The lines from the one holding "this 1288×966 image." to the end of the records below, exactly as written, are the only thing to return.

━━━━━━━━━━

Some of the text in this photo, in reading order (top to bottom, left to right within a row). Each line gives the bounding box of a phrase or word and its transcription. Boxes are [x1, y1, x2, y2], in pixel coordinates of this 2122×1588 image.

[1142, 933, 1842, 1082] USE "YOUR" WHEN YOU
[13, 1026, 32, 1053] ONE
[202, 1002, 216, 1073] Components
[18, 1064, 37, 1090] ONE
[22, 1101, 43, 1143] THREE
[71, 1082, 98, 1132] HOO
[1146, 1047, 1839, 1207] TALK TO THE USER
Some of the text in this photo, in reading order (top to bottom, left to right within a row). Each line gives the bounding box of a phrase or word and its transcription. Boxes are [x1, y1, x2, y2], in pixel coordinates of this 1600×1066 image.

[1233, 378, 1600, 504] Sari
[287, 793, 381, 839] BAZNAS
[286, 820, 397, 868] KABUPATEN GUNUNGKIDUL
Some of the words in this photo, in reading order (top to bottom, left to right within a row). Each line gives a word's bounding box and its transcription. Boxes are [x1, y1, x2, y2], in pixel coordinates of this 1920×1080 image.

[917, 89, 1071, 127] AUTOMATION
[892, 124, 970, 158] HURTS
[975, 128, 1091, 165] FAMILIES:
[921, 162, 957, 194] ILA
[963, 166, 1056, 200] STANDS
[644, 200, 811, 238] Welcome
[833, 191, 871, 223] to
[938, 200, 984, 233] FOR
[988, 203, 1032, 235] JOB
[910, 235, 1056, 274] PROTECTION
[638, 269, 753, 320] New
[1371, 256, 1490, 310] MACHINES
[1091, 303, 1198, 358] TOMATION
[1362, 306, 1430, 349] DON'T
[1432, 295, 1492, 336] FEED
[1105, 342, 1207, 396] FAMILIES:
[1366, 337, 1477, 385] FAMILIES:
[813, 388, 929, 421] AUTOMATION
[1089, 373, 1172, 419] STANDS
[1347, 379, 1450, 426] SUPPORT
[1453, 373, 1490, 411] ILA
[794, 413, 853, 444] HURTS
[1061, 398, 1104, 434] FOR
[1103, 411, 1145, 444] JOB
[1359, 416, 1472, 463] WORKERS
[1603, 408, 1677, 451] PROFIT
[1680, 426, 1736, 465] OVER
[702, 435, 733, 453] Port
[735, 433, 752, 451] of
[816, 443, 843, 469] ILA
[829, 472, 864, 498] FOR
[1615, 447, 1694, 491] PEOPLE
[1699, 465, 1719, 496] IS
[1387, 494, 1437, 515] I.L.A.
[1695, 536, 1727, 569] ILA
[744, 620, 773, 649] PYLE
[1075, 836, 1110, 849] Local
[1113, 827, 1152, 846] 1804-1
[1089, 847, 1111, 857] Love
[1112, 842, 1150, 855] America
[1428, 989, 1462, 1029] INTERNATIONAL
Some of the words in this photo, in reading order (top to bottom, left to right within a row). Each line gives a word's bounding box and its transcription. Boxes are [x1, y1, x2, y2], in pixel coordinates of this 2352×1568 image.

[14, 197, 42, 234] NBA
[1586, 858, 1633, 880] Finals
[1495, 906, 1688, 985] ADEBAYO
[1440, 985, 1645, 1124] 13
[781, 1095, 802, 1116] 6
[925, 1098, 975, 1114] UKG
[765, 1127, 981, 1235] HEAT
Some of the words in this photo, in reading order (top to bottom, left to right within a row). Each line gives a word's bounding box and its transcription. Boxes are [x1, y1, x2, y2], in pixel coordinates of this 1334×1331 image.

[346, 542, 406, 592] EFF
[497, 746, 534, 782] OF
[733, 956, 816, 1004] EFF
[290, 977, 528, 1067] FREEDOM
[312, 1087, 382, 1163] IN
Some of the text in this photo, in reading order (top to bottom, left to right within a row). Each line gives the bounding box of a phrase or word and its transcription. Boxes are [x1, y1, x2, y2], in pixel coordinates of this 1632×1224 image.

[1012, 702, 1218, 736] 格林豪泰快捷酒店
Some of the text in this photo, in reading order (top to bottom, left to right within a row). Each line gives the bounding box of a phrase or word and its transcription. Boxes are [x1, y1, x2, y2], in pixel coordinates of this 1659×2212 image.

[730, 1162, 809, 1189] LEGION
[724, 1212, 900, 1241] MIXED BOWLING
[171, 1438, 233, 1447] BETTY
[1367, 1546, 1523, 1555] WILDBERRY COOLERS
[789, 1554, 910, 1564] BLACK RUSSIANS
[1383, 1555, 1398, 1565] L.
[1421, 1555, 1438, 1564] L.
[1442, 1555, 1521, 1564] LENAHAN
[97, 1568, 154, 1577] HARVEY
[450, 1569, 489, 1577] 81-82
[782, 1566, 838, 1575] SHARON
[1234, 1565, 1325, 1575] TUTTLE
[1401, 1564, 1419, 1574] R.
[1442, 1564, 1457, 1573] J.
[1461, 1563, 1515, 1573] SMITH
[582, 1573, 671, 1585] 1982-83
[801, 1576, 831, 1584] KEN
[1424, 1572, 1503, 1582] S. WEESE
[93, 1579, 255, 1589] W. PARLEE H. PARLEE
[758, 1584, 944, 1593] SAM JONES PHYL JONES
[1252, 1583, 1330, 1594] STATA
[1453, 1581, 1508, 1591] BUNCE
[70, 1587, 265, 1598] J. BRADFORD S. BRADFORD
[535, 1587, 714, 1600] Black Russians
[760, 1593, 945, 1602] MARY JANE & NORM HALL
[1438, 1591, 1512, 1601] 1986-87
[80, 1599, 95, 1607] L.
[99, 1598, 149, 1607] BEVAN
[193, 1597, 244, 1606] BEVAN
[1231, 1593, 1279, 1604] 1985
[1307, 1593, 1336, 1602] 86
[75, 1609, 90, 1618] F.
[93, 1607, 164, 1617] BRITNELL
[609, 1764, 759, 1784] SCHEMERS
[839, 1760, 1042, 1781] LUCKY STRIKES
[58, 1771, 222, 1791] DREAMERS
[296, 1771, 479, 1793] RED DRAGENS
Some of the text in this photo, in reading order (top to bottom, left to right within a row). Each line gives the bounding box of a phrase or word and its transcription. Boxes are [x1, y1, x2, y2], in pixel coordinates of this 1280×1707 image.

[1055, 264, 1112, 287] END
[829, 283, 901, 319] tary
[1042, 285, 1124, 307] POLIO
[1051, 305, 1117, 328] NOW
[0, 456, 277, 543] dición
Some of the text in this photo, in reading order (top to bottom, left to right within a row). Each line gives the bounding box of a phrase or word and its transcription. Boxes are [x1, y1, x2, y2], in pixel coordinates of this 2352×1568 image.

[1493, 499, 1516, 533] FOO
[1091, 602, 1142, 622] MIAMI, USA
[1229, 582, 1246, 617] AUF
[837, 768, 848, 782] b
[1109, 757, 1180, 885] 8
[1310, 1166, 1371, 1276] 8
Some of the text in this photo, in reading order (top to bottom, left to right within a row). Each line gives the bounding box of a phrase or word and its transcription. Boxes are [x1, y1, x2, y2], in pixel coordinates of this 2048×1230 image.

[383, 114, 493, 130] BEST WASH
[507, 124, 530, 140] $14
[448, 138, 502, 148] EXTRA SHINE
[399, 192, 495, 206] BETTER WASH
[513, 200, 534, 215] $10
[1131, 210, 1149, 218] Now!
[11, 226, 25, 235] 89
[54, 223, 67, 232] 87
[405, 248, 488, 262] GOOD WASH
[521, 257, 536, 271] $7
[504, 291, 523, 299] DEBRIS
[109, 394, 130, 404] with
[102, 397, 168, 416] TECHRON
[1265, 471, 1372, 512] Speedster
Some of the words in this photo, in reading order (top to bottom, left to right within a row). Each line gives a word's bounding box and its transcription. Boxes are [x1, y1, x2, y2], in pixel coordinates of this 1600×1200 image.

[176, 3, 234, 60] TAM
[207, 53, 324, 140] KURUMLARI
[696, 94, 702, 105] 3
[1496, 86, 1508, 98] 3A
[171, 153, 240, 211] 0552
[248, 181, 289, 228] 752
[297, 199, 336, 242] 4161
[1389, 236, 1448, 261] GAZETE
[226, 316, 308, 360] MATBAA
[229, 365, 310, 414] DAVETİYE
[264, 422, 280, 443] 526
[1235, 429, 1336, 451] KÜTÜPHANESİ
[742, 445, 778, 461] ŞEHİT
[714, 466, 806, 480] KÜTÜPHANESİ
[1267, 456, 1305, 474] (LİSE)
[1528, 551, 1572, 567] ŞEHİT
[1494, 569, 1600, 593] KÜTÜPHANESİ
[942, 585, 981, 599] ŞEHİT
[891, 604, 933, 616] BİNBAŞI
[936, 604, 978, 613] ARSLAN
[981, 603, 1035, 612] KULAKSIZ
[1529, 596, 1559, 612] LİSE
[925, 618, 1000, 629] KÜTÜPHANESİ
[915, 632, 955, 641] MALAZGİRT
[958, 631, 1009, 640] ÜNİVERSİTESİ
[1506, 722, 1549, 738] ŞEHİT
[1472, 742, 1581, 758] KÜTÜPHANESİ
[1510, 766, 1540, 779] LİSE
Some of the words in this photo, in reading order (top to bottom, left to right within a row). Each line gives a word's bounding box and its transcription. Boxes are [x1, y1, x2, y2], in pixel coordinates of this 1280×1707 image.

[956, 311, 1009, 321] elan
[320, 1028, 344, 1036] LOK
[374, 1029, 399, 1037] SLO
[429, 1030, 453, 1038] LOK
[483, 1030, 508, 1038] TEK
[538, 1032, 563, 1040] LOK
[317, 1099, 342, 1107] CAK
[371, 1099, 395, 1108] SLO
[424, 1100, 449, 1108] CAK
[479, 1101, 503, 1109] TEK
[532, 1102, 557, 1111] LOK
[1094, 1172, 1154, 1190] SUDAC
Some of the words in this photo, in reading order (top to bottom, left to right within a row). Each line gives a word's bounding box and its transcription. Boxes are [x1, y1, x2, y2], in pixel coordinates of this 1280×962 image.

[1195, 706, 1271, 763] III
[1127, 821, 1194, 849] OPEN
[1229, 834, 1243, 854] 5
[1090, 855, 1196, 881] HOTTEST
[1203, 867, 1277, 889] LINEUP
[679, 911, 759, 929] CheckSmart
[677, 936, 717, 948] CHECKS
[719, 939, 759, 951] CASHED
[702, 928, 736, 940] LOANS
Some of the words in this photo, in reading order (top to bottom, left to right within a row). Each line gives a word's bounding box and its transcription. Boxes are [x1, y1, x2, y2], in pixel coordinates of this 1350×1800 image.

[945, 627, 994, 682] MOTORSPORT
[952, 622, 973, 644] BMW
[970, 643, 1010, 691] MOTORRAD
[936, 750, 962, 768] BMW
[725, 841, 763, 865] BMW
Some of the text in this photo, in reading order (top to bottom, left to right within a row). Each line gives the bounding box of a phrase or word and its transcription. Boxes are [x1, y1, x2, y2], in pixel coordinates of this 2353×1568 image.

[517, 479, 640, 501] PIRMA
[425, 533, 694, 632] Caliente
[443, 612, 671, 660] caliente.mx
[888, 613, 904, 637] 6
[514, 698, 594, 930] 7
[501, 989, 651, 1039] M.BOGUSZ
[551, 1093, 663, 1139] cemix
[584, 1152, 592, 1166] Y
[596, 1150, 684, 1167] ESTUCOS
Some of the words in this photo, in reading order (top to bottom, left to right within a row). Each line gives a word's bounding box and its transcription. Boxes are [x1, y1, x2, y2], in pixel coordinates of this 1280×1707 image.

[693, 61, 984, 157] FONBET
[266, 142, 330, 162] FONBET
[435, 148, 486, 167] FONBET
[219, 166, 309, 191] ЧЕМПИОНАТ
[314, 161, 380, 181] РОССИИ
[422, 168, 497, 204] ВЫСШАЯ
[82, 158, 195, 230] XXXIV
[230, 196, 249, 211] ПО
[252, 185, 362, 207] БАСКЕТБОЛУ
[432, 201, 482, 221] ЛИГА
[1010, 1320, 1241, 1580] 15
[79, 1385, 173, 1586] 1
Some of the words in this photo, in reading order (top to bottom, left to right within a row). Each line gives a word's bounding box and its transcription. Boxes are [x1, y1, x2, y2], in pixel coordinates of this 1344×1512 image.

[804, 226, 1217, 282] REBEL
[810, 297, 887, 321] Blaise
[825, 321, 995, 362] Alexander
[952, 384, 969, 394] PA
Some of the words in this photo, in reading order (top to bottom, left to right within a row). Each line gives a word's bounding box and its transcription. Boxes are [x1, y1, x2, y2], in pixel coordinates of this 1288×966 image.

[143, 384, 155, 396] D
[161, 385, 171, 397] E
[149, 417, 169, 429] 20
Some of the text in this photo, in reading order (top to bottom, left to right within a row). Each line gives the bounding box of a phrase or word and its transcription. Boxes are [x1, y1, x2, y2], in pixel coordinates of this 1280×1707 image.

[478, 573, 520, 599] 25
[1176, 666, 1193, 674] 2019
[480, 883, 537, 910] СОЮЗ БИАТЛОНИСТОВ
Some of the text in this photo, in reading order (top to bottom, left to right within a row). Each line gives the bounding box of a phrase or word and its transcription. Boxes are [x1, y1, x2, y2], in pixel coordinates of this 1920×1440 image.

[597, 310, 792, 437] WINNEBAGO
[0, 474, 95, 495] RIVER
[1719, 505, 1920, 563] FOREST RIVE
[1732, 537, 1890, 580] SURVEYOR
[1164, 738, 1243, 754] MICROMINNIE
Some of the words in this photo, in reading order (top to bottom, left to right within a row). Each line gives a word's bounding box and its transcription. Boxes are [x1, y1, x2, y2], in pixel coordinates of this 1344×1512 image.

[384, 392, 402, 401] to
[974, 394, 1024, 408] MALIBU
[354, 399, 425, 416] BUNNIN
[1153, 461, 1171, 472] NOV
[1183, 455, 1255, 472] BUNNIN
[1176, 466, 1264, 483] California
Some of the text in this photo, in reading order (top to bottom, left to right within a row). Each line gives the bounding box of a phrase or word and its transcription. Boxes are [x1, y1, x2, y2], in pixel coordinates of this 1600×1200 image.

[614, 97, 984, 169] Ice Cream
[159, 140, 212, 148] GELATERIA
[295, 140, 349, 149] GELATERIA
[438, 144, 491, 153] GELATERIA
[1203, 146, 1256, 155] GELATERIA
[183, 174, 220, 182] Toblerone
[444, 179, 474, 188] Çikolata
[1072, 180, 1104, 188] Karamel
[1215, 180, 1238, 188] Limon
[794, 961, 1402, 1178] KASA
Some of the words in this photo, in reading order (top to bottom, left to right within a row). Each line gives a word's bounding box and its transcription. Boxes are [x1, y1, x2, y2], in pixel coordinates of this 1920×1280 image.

━━━━━━━━━━

_SOLUTION BELOW_.
Some of the words in this photo, in reading order (top to bottom, left to right within a row). Each line gives a word's bounding box and its transcription. Boxes are [x1, y1, x2, y2], in pixel coordinates of this 1288×966 image.

[143, 384, 155, 396] D
[161, 385, 171, 397] E
[149, 417, 169, 429] 20
Some of the text in this photo, in reading order (top to bottom, left to right within a row). Each line gives the bounding box of a phrase or word and its transcription. Boxes are [x1, y1, x2, y2], in pixel coordinates of this 1280×1707 image.

[478, 573, 520, 599] 25
[1176, 666, 1193, 674] 2019
[480, 883, 537, 910] СОЮЗ БИАТЛОНИСТОВ
Some of the text in this photo, in reading order (top to bottom, left to right within a row). Each line gives the bounding box of a phrase or word and its transcription. Boxes are [x1, y1, x2, y2], in pixel coordinates of this 1920×1440 image.

[597, 310, 792, 437] WINNEBAGO
[0, 474, 95, 495] RIVER
[1719, 505, 1920, 563] FOREST RIVE
[1732, 537, 1890, 580] SURVEYOR
[1164, 738, 1243, 754] MICROMINNIE
Some of the words in this photo, in reading order (top to bottom, left to right within a row). Each line gives a word's bounding box and its transcription. Boxes are [x1, y1, x2, y2], in pixel coordinates of this 1344×1512 image.

[384, 392, 402, 401] to
[974, 394, 1024, 408] MALIBU
[354, 399, 425, 416] BUNNIN
[1153, 461, 1171, 472] NOV
[1183, 455, 1255, 472] BUNNIN
[1176, 466, 1264, 483] California
Some of the text in this photo, in reading order (top to bottom, left to right within a row). Each line gives the bounding box of a phrase or word and its transcription. Boxes are [x1, y1, x2, y2], in pixel coordinates of this 1600×1200 image.

[614, 97, 984, 169] Ice Cream
[159, 140, 212, 148] GELATERIA
[295, 140, 349, 149] GELATERIA
[438, 144, 491, 153] GELATERIA
[1203, 146, 1256, 155] GELATERIA
[183, 174, 220, 182] Toblerone
[444, 179, 474, 188] Çikolata
[1072, 180, 1104, 188] Karamel
[1215, 180, 1238, 188] Limon
[794, 961, 1402, 1178] KASA
Some of the words in this photo, in reading order (top to bottom, left to right within a row). Each line gives a word's bounding box and its transcription. Boxes are [x1, y1, x2, y2], in pixel coordinates of this 1920×1280 image.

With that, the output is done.